Free-text object descriptions

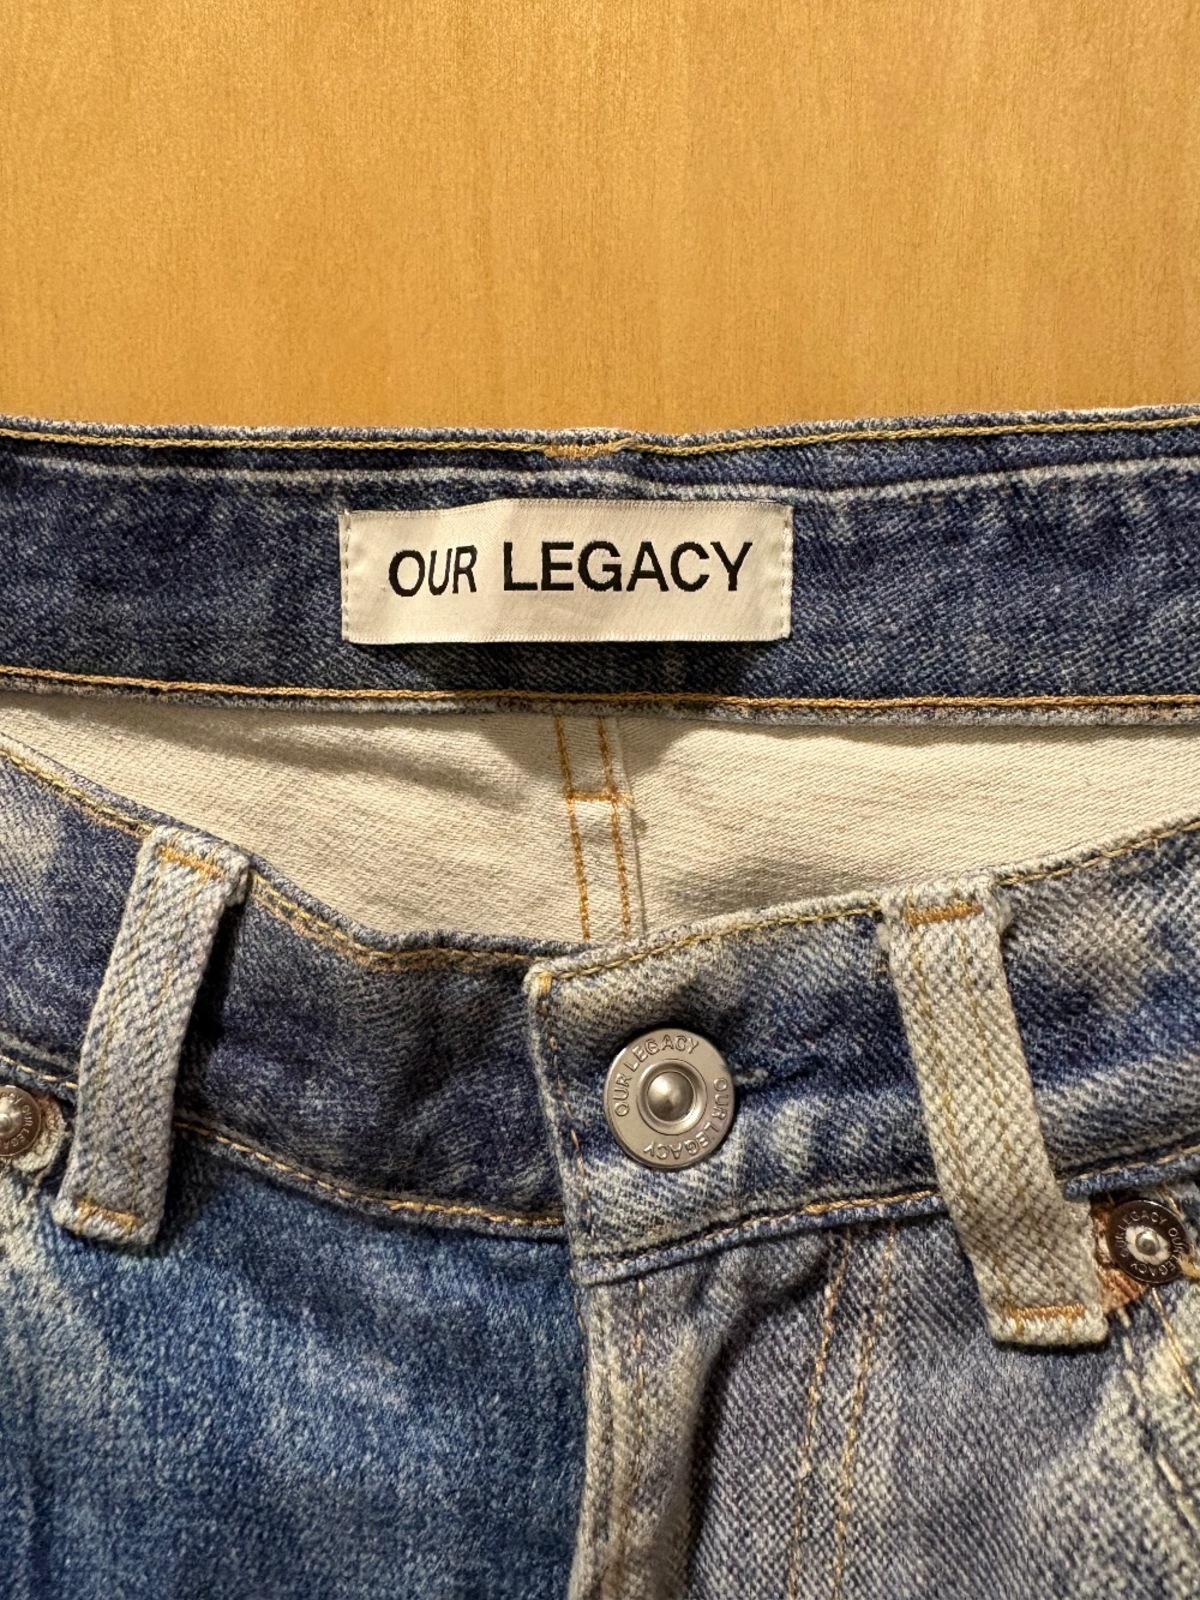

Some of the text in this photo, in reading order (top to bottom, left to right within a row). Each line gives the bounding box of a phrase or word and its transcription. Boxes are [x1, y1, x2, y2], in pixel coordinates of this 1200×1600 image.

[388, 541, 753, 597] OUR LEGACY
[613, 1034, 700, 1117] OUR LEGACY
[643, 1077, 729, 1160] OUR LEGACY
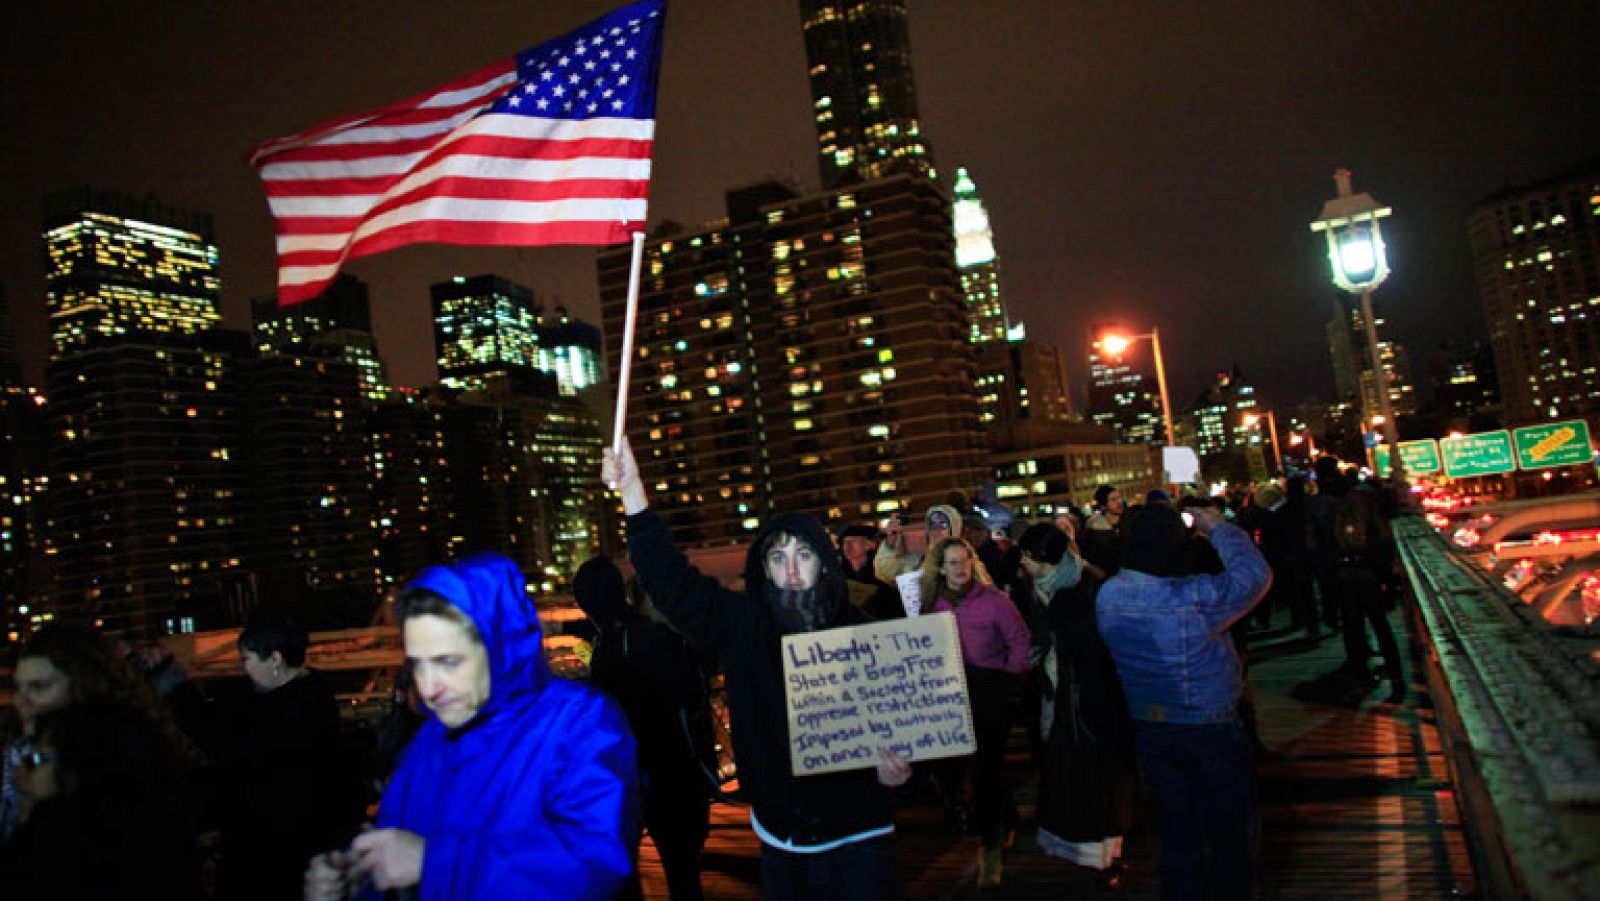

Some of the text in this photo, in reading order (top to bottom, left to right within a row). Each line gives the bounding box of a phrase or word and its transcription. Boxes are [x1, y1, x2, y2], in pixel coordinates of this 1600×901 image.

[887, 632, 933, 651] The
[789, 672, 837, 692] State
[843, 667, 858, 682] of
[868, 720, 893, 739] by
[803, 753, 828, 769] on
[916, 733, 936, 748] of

What is expected -
The data above should be restated exactly, with its images dropped.

Task response -
Some of the text in this photo, in reading order (top to bottom, left to right within a row). Each line gives the bounding box of a phrase or word and its transcription. Boxes are [x1, y1, x2, y2], in pixel coordinates of this 1200×1600 image.

[388, 541, 753, 597] OUR LEGACY
[613, 1034, 700, 1117] OUR LEGACY
[643, 1077, 729, 1160] OUR LEGACY

Some of the text in this photo, in reading order (top to bottom, left to right within a row). Each line gives the bounding box of a phrase or word and its transcription. Boxes are [x1, y1, x2, y2], in pixel coordinates of this 1600×901 image.

[887, 632, 933, 651] The
[789, 672, 837, 692] State
[843, 667, 858, 682] of
[868, 720, 893, 739] by
[803, 753, 828, 769] on
[916, 733, 936, 748] of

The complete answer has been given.